Fabricante australiano de gravadores externos e monitores para câmeras de cinema, especializado em captura RAW e vídeo comprimido em 4K/HDR.
Detalhes Técnicos
Os modelos atuais da Atomos, como o Ninja V+, suportam formatos de gravação de até 8K30p e 4K120p em Apple ProRes RAW. O display HDR de 5,2 polegadas atinge um brilho de 1000 cd/m² com uma resolução de 1920×1080 pixels.

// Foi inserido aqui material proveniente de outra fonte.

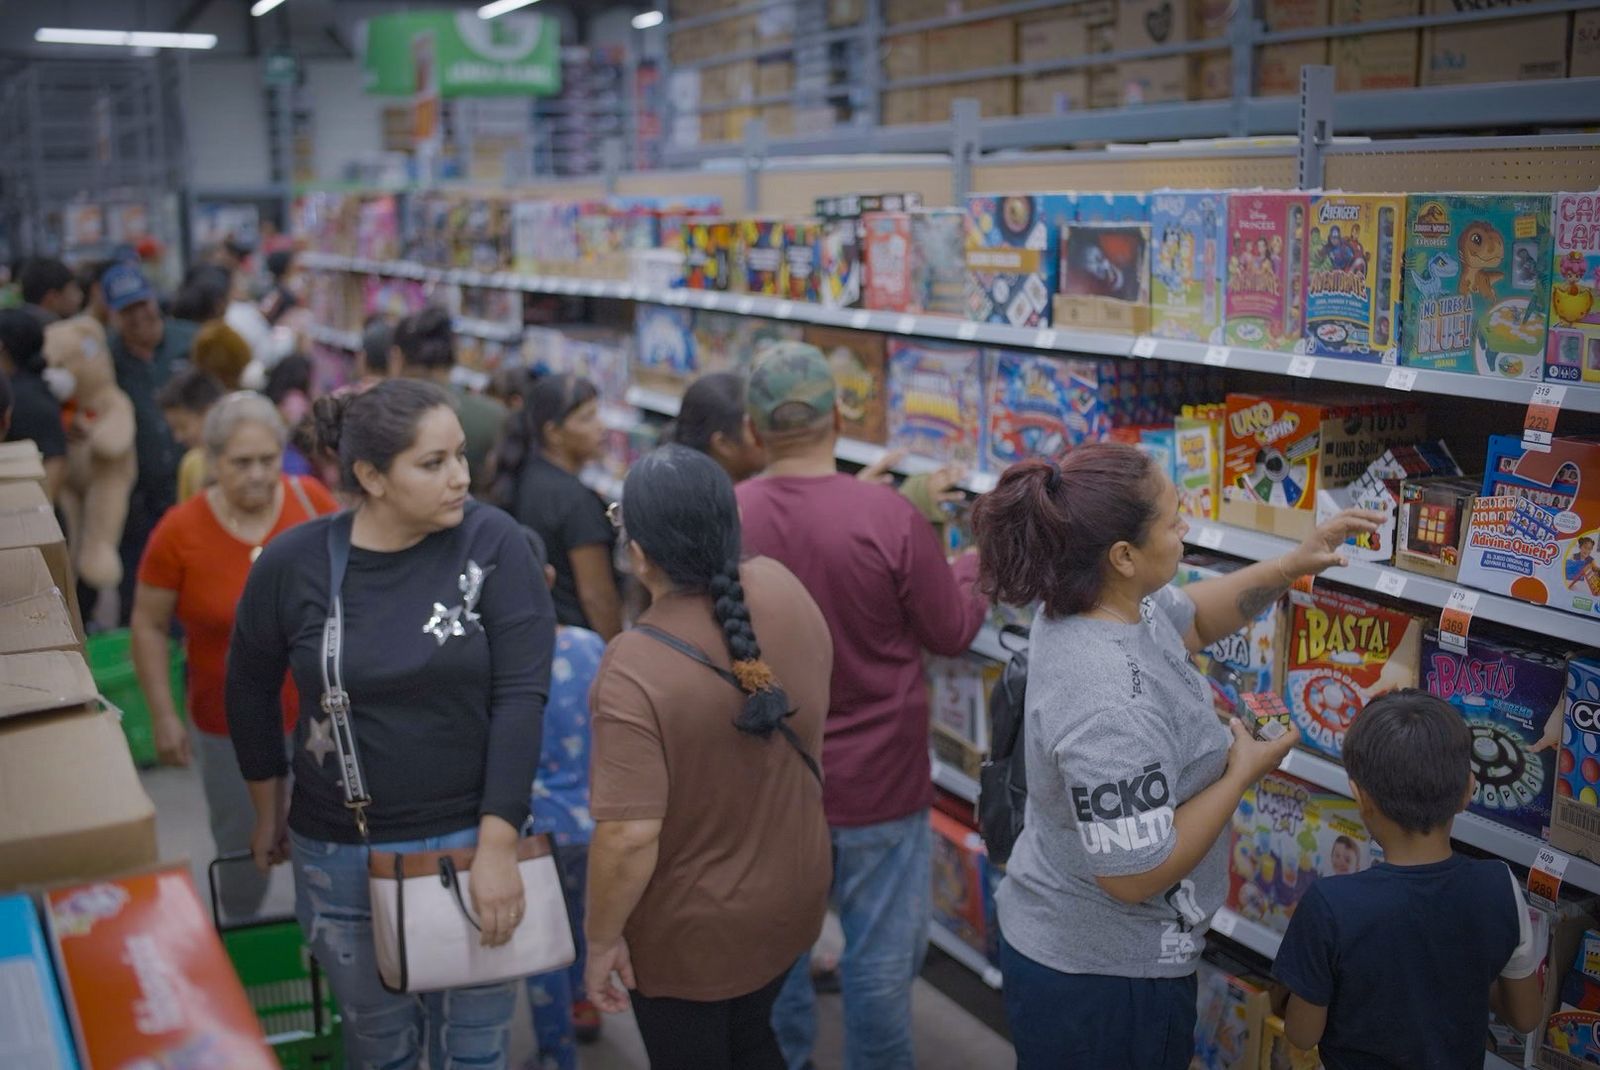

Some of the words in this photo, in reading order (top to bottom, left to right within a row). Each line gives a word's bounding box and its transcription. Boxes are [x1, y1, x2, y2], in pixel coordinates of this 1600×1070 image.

[1440, 297, 1463, 316] TIRES
[1418, 313, 1472, 354] BLUE!
[1230, 402, 1274, 438] UNO
[1265, 420, 1295, 442] SPIN
[1297, 608, 1390, 665] ¡BASTA!
[1427, 654, 1515, 699] ¡BASTA!
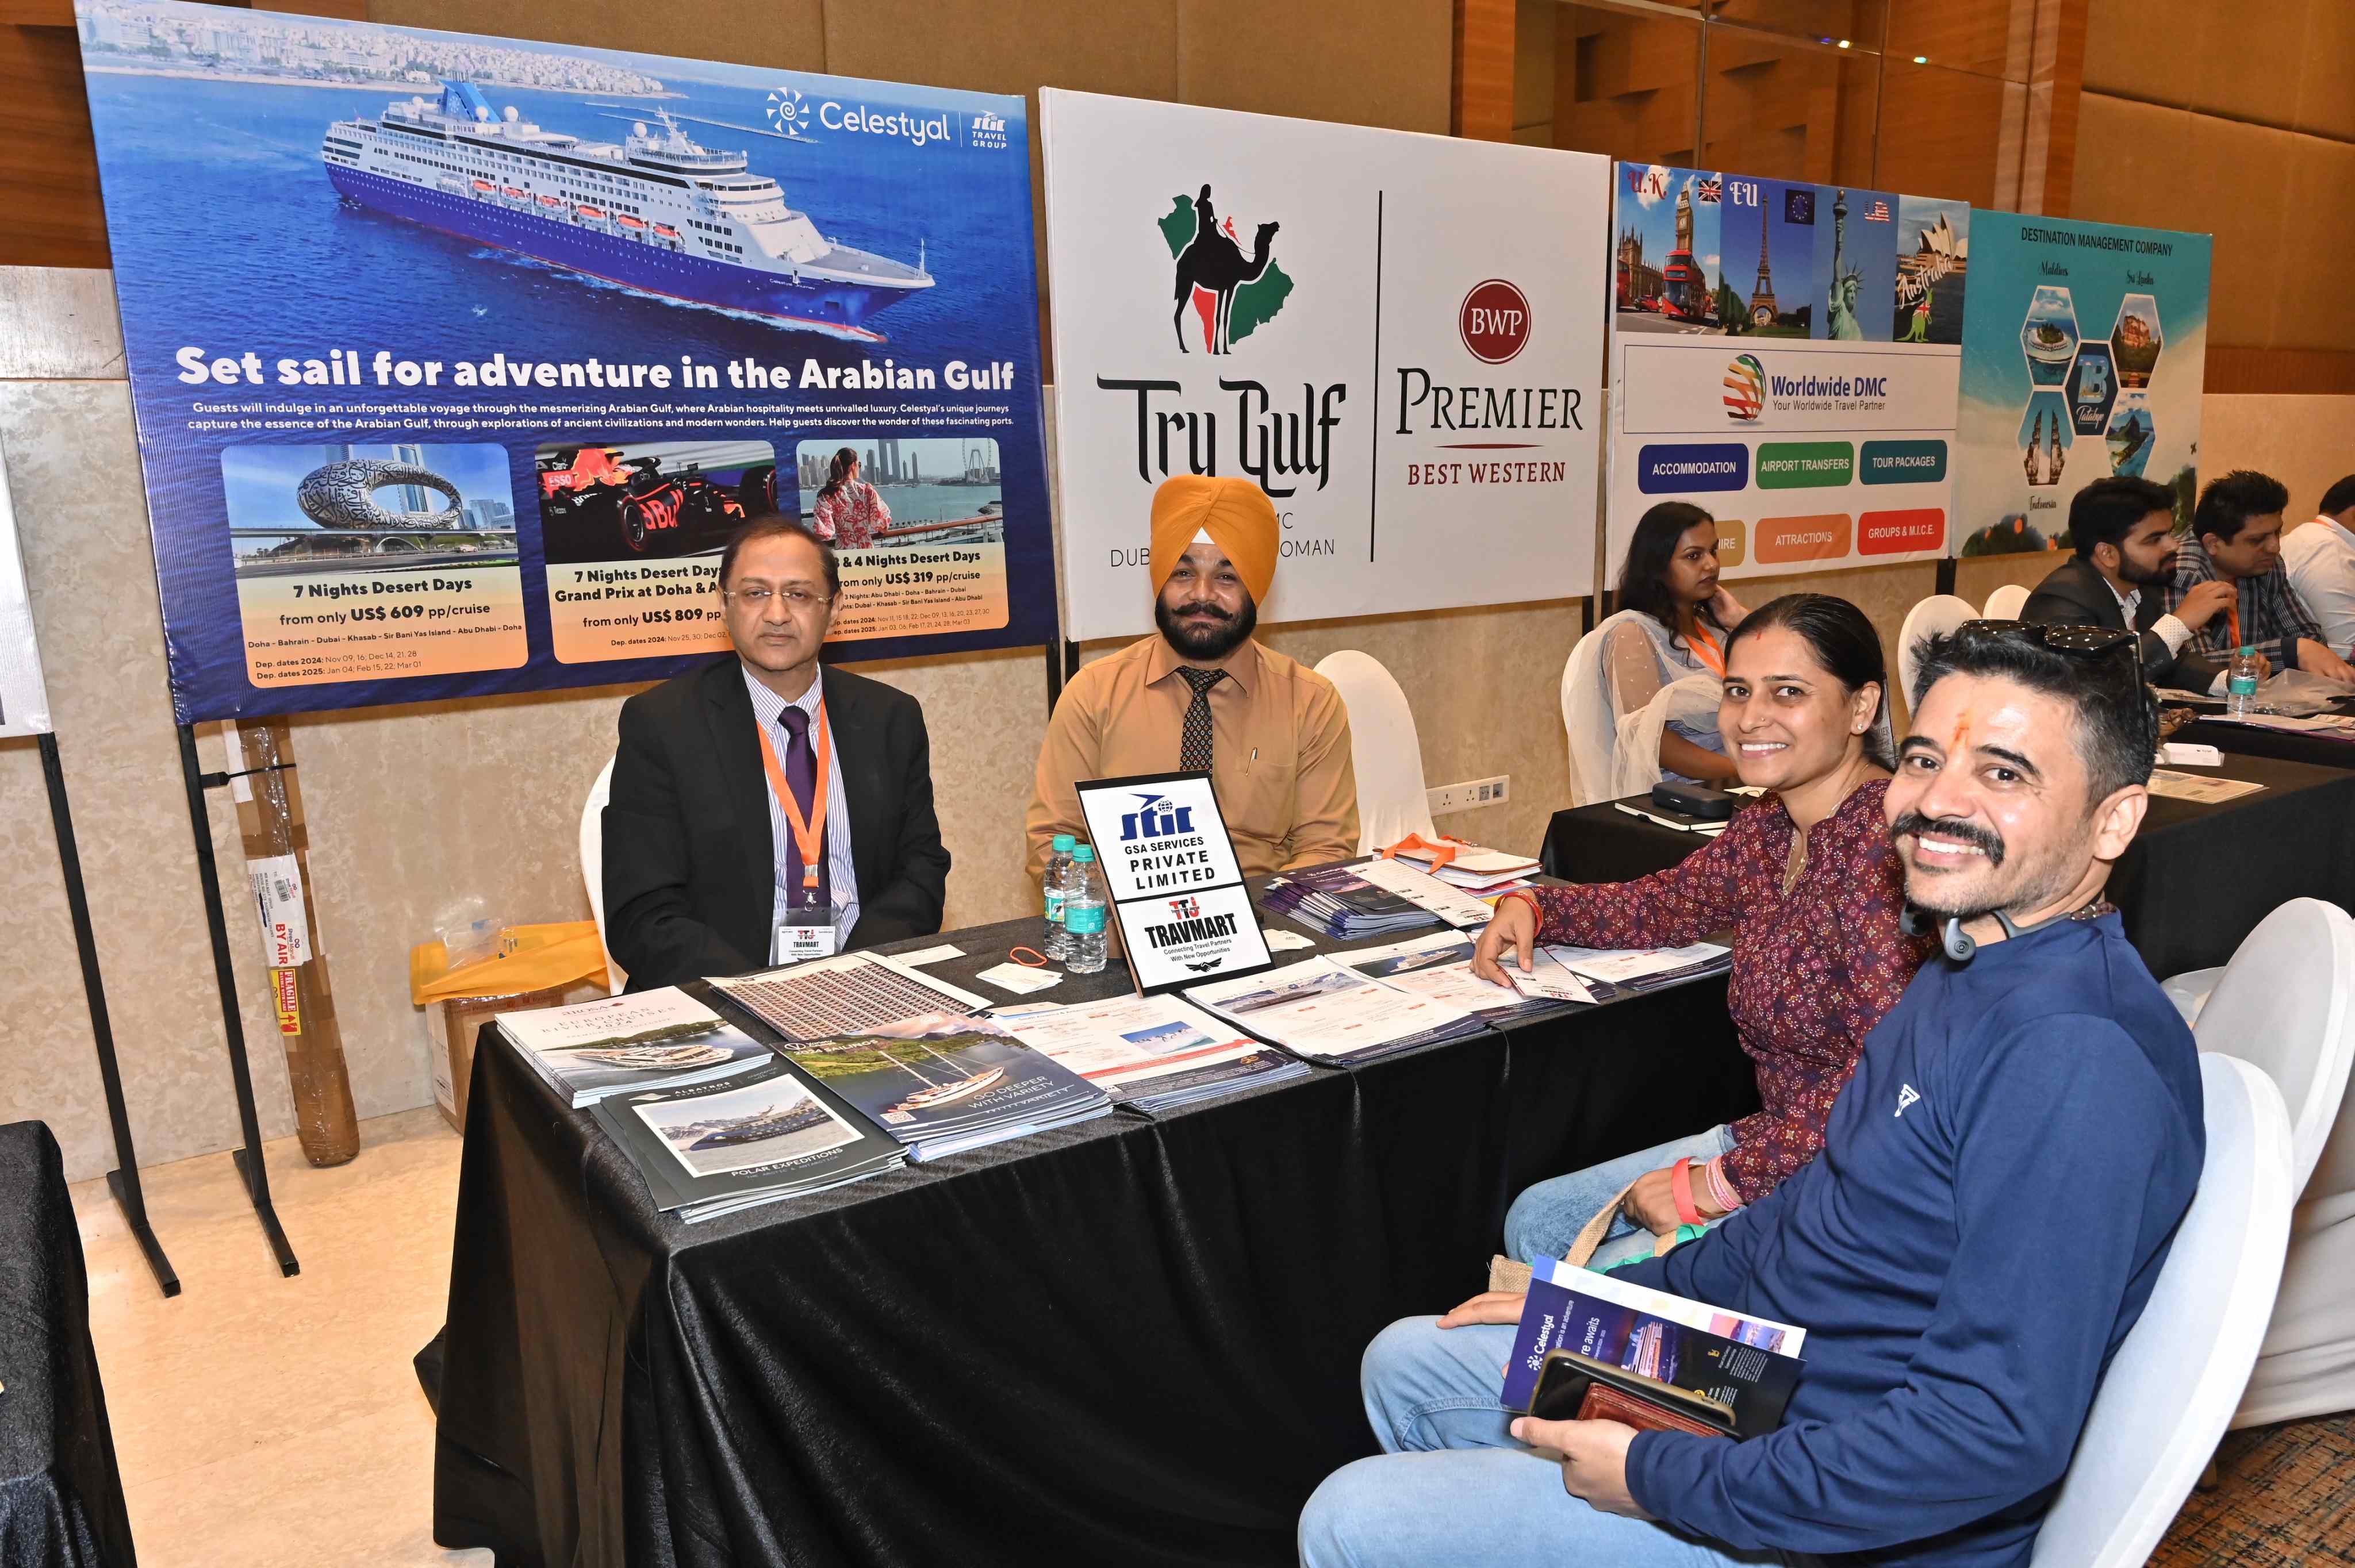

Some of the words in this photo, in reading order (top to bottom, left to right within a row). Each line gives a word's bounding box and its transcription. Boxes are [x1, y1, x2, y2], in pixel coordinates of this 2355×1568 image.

[819, 101, 950, 146] Celestyal
[972, 131, 1006, 140] TRAVEL
[973, 140, 1006, 149] GROUP
[1628, 171, 1667, 199] U.K.
[1729, 180, 1758, 207] EU
[2021, 226, 2076, 246] DESTINATION
[2078, 233, 2134, 253] MANAGEMENT
[2135, 240, 2172, 256] COMPANY
[2038, 260, 2069, 276] Maldives
[1897, 255, 1953, 309] Australia
[1471, 308, 1522, 336] BWP
[176, 347, 263, 385] Set
[277, 348, 360, 385] sail
[373, 351, 443, 386] for
[454, 353, 672, 388] adventure
[681, 355, 718, 388] in
[727, 358, 791, 389] the
[799, 358, 935, 389] Arabian
[944, 360, 1014, 390] Gulf
[1771, 375, 1850, 397] Worldwide
[1854, 376, 1886, 397] DMC
[193, 402, 239, 412] Guests
[240, 402, 262, 412] will
[265, 402, 312, 414] indulge
[314, 403, 325, 413] in
[346, 403, 427, 415] unforgettable
[429, 405, 470, 415] voyage
[472, 403, 516, 415] through
[519, 403, 538, 413] the
[539, 403, 607, 415] mesmerizing
[608, 403, 648, 413] Arabian
[650, 403, 673, 413] Gulf,
[675, 403, 705, 413] where
[707, 403, 744, 413] Arabian
[746, 404, 794, 414] hospitality
[825, 404, 868, 412] unrivalled
[870, 404, 898, 414] luxury.
[900, 403, 945, 414] Celestyal's
[946, 404, 974, 414] unique
[975, 404, 1009, 414] journeys
[1395, 367, 1583, 435] PREMIER
[1771, 399, 1790, 410] Your
[1793, 399, 1832, 410] Worldwide
[1835, 399, 1857, 410] Travel
[1859, 399, 1886, 410] Partner
[1096, 372, 1216, 484] Try
[1219, 375, 1347, 498] Gulf
[1652, 462, 1736, 475] ACCOMMODATION
[1761, 460, 1799, 472] AIRPORT
[1801, 458, 1849, 470] TRANSFERS
[1872, 457, 1893, 468] TOUR
[1895, 456, 1935, 467] PACKAGES
[549, 474, 572, 487] ESSO
[1407, 463, 1462, 485] BEST
[1468, 462, 1566, 483] WESTERN
[2028, 495, 2056, 510] Indonesia
[1775, 531, 1832, 545] ATTRACTIONS
[1868, 526, 1900, 539] GROUPS
[1901, 525, 1907, 536] &
[1909, 524, 1934, 536] M.I.C.E.
[842, 556, 852, 567] &
[854, 556, 863, 566] 4
[865, 554, 907, 568] Nights
[910, 552, 950, 563] Desert
[953, 551, 980, 563] Days
[1111, 548, 1150, 567] DUB
[1280, 539, 1335, 558] OMAN
[574, 571, 583, 583] 7
[587, 569, 637, 583] Nights
[640, 567, 688, 579] Desert
[840, 579, 859, 589] rom
[861, 576, 883, 587] only
[885, 574, 910, 585] US$
[912, 572, 933, 583] 319
[936, 571, 980, 583] pp/cruise
[293, 585, 303, 598] 7
[308, 583, 368, 598] Nights
[372, 580, 428, 594] Desert
[432, 578, 472, 592] Days
[279, 614, 313, 625] from
[317, 611, 346, 624] only
[351, 608, 386, 621] US$
[390, 606, 424, 619] 609
[428, 604, 490, 619] pp/cruise
[582, 617, 611, 627] from
[614, 614, 638, 627] only
[642, 612, 672, 623] US$
[675, 610, 703, 621] 809
[1125, 844, 1148, 855] GSA
[1150, 836, 1203, 851] SERVICES
[1130, 850, 1209, 872] PRIVATE
[1136, 867, 1214, 890] LIMITED
[1169, 896, 1199, 920] TTJ
[275, 924, 286, 940] BY
[1144, 913, 1237, 948] TRAVMART
[277, 943, 287, 965] AIR
[1163, 944, 1194, 955] Connecting
[1194, 941, 1210, 950] Travel
[1210, 938, 1232, 947] Partners
[1195, 947, 1230, 958] Opportunities
[284, 971, 296, 1012] FRAGILE
[542, 1021, 596, 1033] RIVER
[603, 1006, 676, 1024] CRUISES
[558, 1007, 650, 1026] EUROPEAN
[596, 1020, 632, 1029] 2024
[824, 1039, 879, 1052] SAILINGS
[674, 1081, 731, 1095] ALBATROS
[968, 1097, 1004, 1109] WITH
[1003, 1081, 1054, 1099] VARIETY
[973, 1092, 995, 1101] GO
[996, 1076, 1049, 1094] DEEPER
[731, 1166, 770, 1176] POLAR
[772, 1147, 843, 1170] EXPEDITIONS
[1534, 1314, 1555, 1354] Celestyal
[1584, 1316, 1600, 1344] awaits
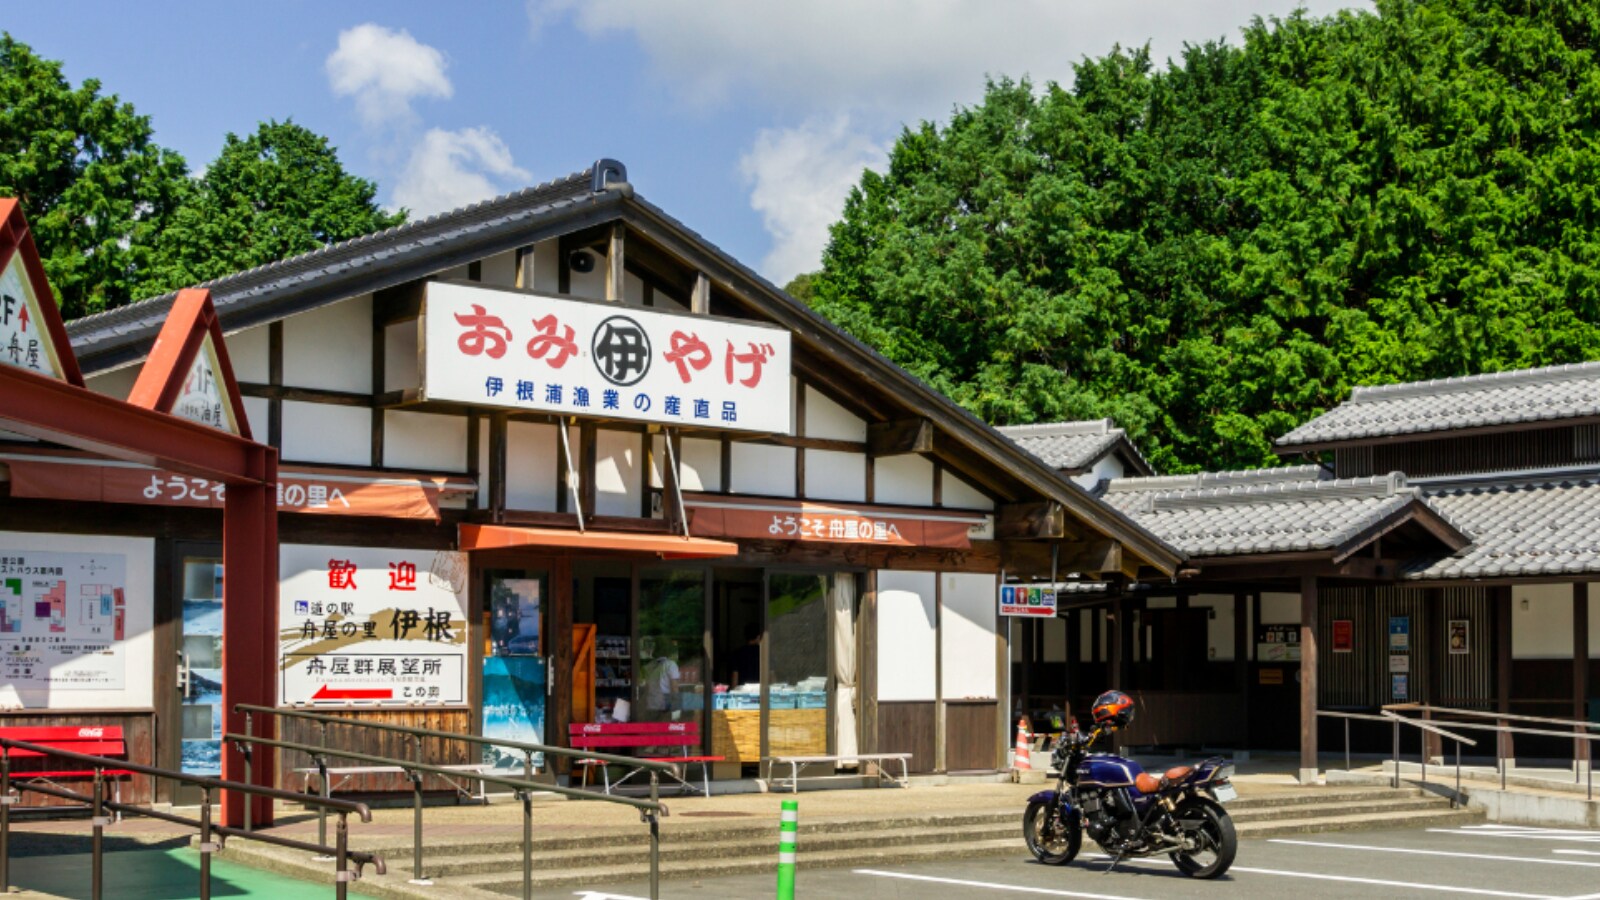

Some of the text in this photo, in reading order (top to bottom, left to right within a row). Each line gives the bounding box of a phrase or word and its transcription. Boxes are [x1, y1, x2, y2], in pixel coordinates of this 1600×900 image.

[485, 376, 738, 422] 伊根浦漁業の産直品
[768, 515, 902, 540] ようこそ 舟屋の里へ
[327, 558, 417, 591] 歓迎
[310, 601, 355, 616] 道の駅
[301, 607, 455, 642] 舟屋の里 伊根
[306, 656, 443, 676] 舟屋群展望所
[402, 686, 440, 699] この奥

As entradas processam HDMI 2.1 e 12G-SDI com profundidade de cor de 10 bits e espaço de cor Rec.2020. As taxas de dados típicas para ProRes 422 HQ em 4K são de aproximadamente 880 Mbit/s, o que é suficiente para cerca de 2,5 horas de gravação com um SSD de 1TB.
A série Shogun oferece displays maiores de 7 polegadas com 3000 cd/m² de brilho e ferramentas avançadas de monitoramento HDR, como Waveform, False Color e 3D LUTs. Todos os dispositivos funcionam com baterias padrão NP-F e pesam entre 320g (Ninja V) e 650g (Shogun 7).
História e Desenvolvimento
A Atomos foi fundada em 2010 por Jeromy Young em Melbourne e lançou o primeiro gravador Ninja em 2011. Isso revolucionou a produção de vídeo, permitindo que DSLRs e câmeras mirrorless alcançassem qualidade de gravação profissional, que muitas vezes ofereciam apenas codecs H.264 altamente comprimidos internamente.
Em 2014, seguiu-se o primeiro Shogun com capacidade 4K, e em 2018, a gravação HDR tornou-se padrão. Com o Ninja V+, a Atomos introduziu em 2021 a primeira gravação ProRes RAW acessível para câmeras prosumer. A parceria com a Apple desde 2017 permitiu a integração do codec ProRes diretamente no hardware do gravador.
Uso Prático no Cinema
Os gravadores Atomos são usados principalmente em produções de documentários e independentes, onde extraem qualidade de imagem cinematográfica de câmeras acessíveis como a Sony A7S III ou Canon R5. Em "The Creator" (2023), Gareth Edwards utilizou gravadores Atomos Ninja V para configurações de câmera móveis com a Sony FX3.
O fluxo de trabalho típico envolve a gravação de ProRes 422 de 10 bits diretamente em SSD, enquanto a gravação interna da câmera serve como backup. Os dados do SSD vão diretamente para Avid ou Final Cut Pro sem transcodificação. As ferramentas de monitoramento integradas permitem um controle preciso da exposição sem hardware adicional.
As desvantagens incluem o aumento do consumo de energia, peso adicional no rig e a dependência da saída HDMI limpa da câmera.
Comparação e Alternativas
A série PIX-E da Video Devices oferece funcionalidade semelhante com um corpo mais robusto por 2.500-4.000 euros, em comparação com 600-1.200 euros para a Atomos. O Blackmagic Video Assist foca em modelos de entrada mais acessíveis a partir de 300 euros, mas renuncia ao ProRes RAW.
A gravação RAW interna de câmeras modernas como a RED Komodo ou Arri Alexa Mini LF torna os gravadores externos cada vez mais supérfluos. A Atomos permanece relevante para câmeras híbridas e produções com orçamento limitado que necessitam de alta qualidade de imagem sem upgrades de câmera caros.
Notícias
Os dispositivos Atomos atuais focam cada vez mais em configurações de rig compactas com gerenciamento de cabos aprimorado. Particularmente procurados são codecs personalizados como o H.265, que permitem uma compressão de dados mais eficiente. O desenvolvimento demonstra a tendência para sistemas de gravação mais leves e móveis na produção de vídeo profissional.